* WHAT TO DO
Set out exactly, and with nothing added, the line containing "this 1600×1200 image." and every line after it through the final line of the data.

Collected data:
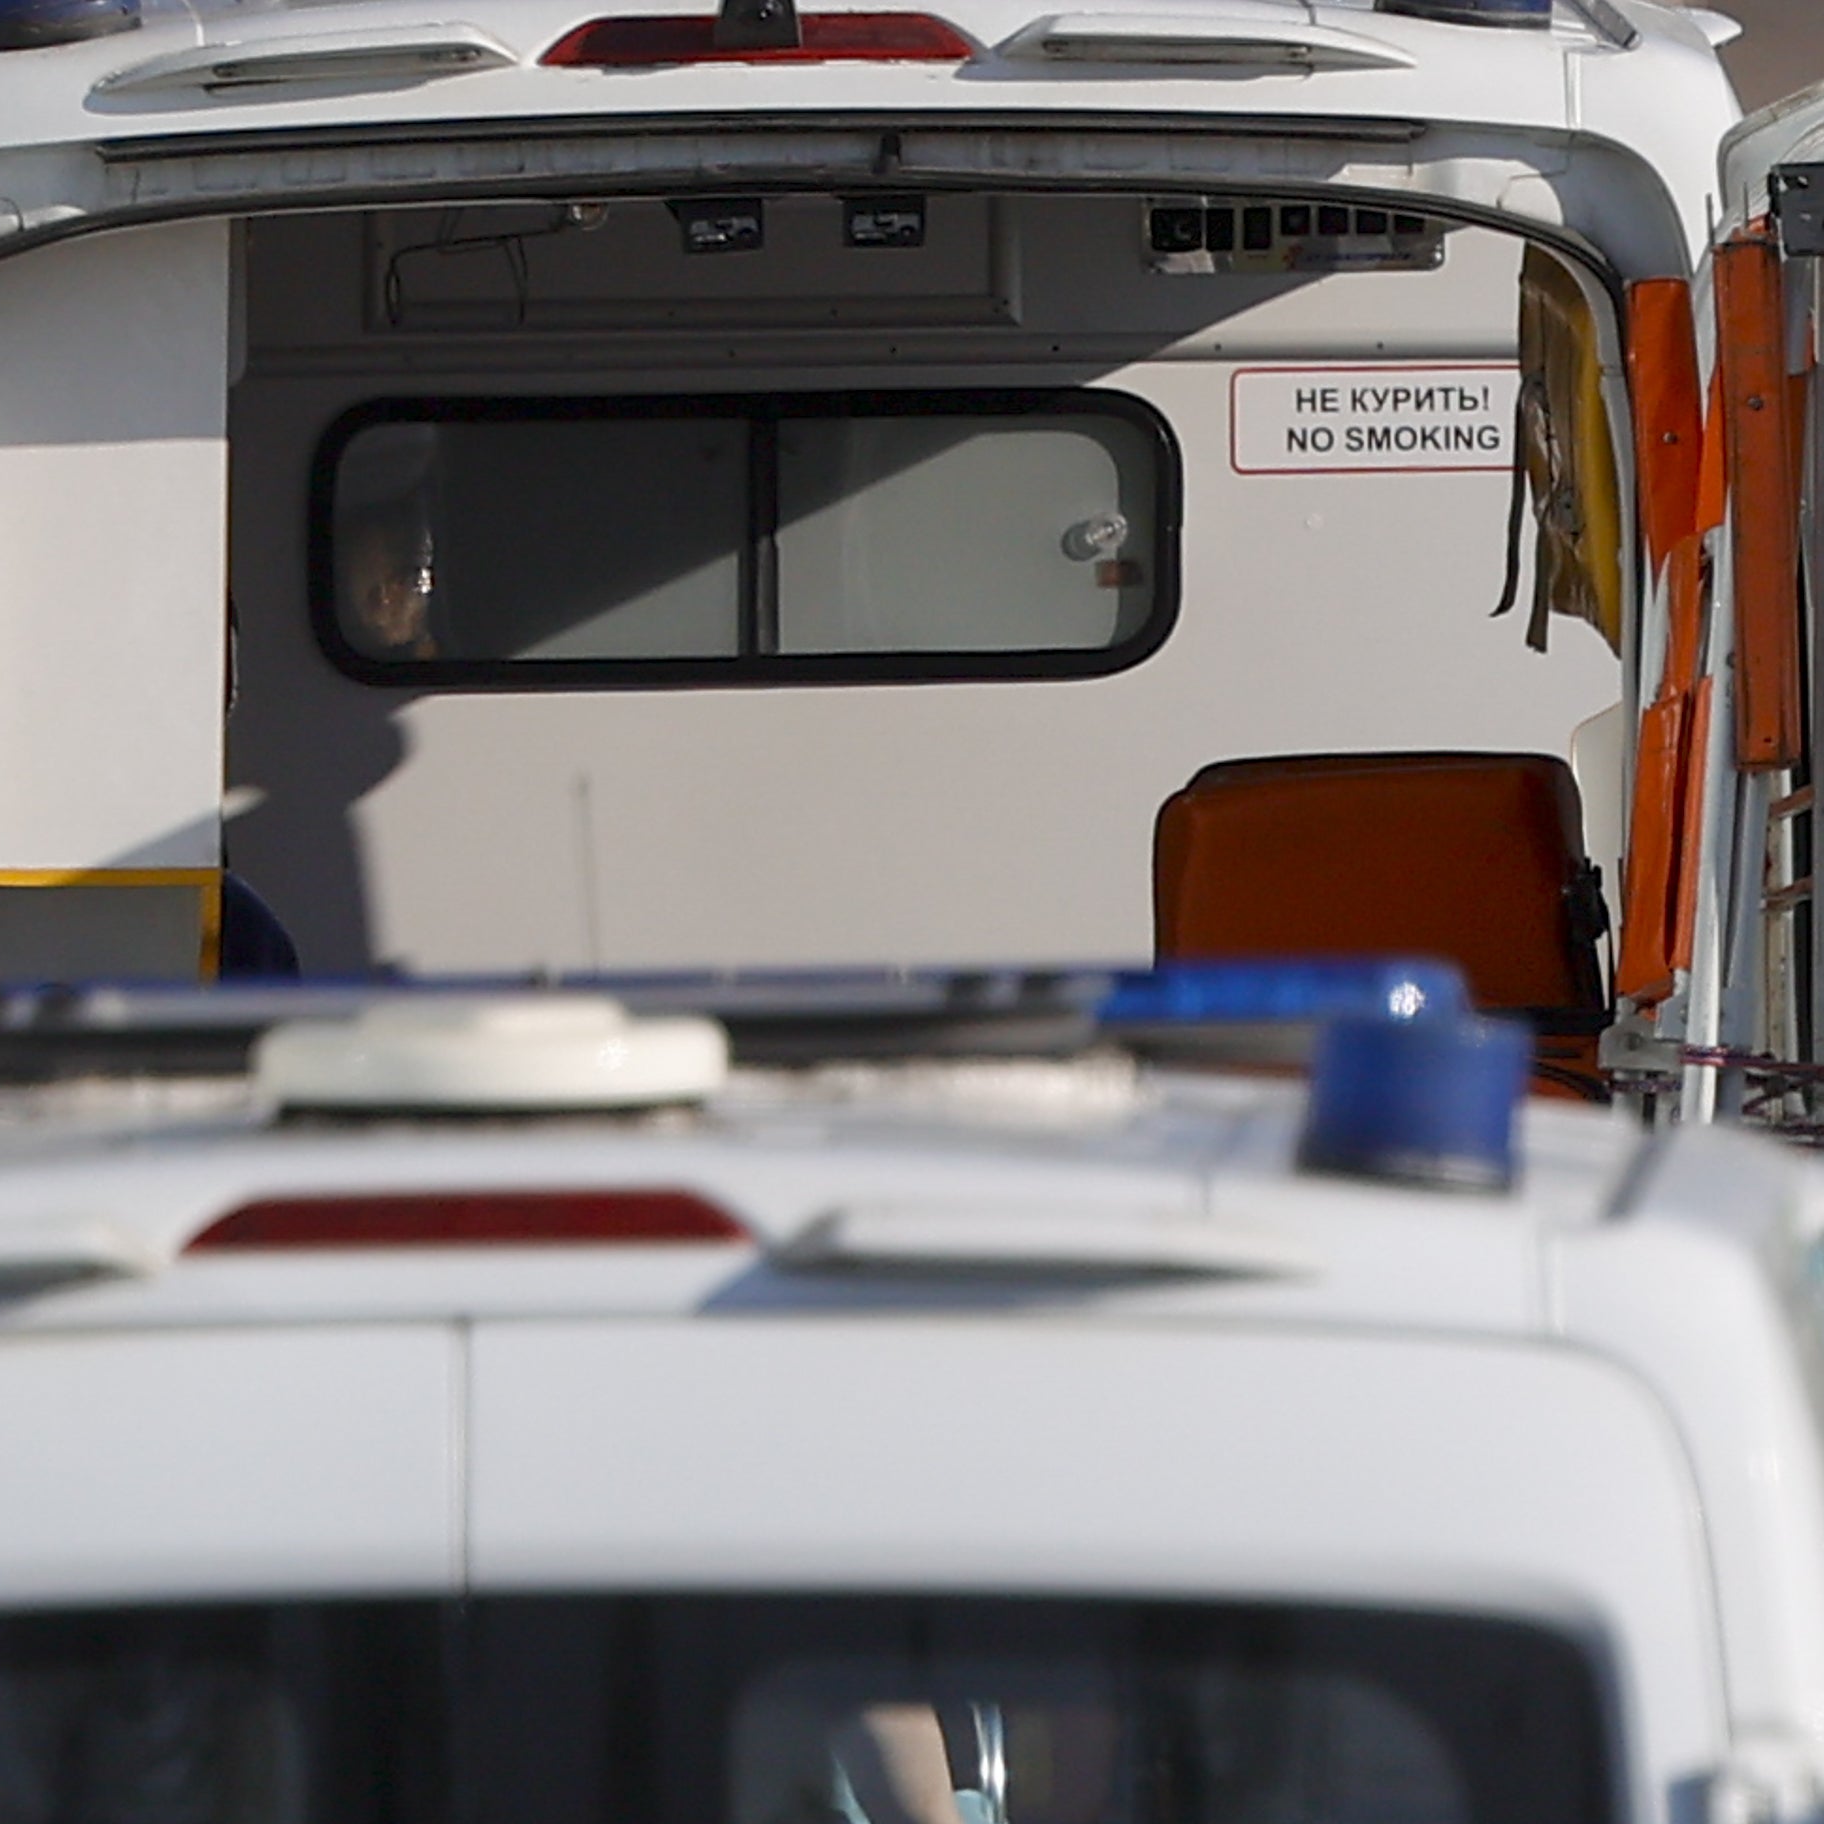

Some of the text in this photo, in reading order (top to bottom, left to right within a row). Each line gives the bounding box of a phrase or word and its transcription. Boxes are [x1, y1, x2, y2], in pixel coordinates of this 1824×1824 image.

[1295, 385, 1489, 413] НЕ КУРИТЬ!
[1286, 424, 1501, 453] NO SMOKING
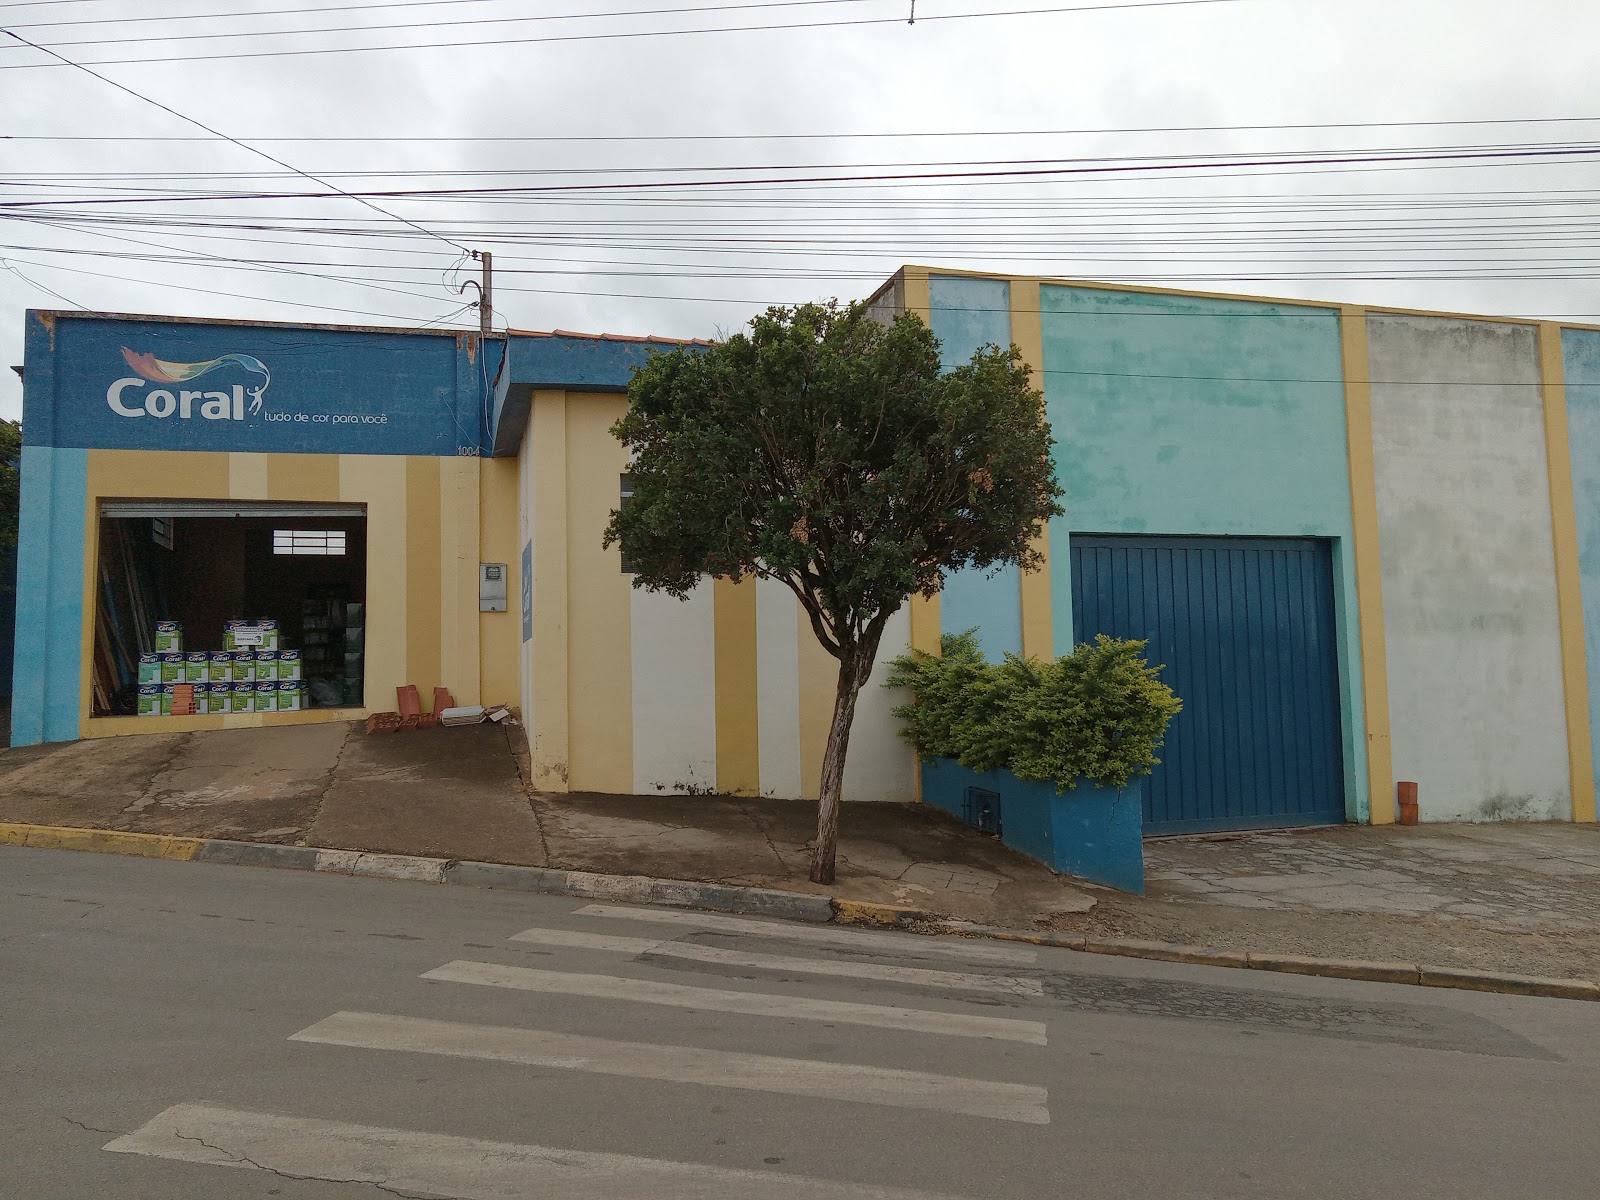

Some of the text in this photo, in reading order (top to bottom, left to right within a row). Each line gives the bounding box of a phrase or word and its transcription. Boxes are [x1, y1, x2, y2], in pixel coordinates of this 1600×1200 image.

[106, 377, 244, 420] Coral
[264, 411, 388, 425] tudo de cor para você
[457, 445, 480, 456] 1004

* YOUR RESPONSE
Some of the text in this photo, in reading order (top to bottom, left to right within a row). Each line gives the bounding box of a phrase or word and its transcription. Boxes are [x1, y1, x2, y2], in pixel coordinates of this 1600×1200 image.

[106, 377, 244, 420] Coral
[264, 411, 388, 425] tudo de cor para você
[457, 445, 480, 456] 1004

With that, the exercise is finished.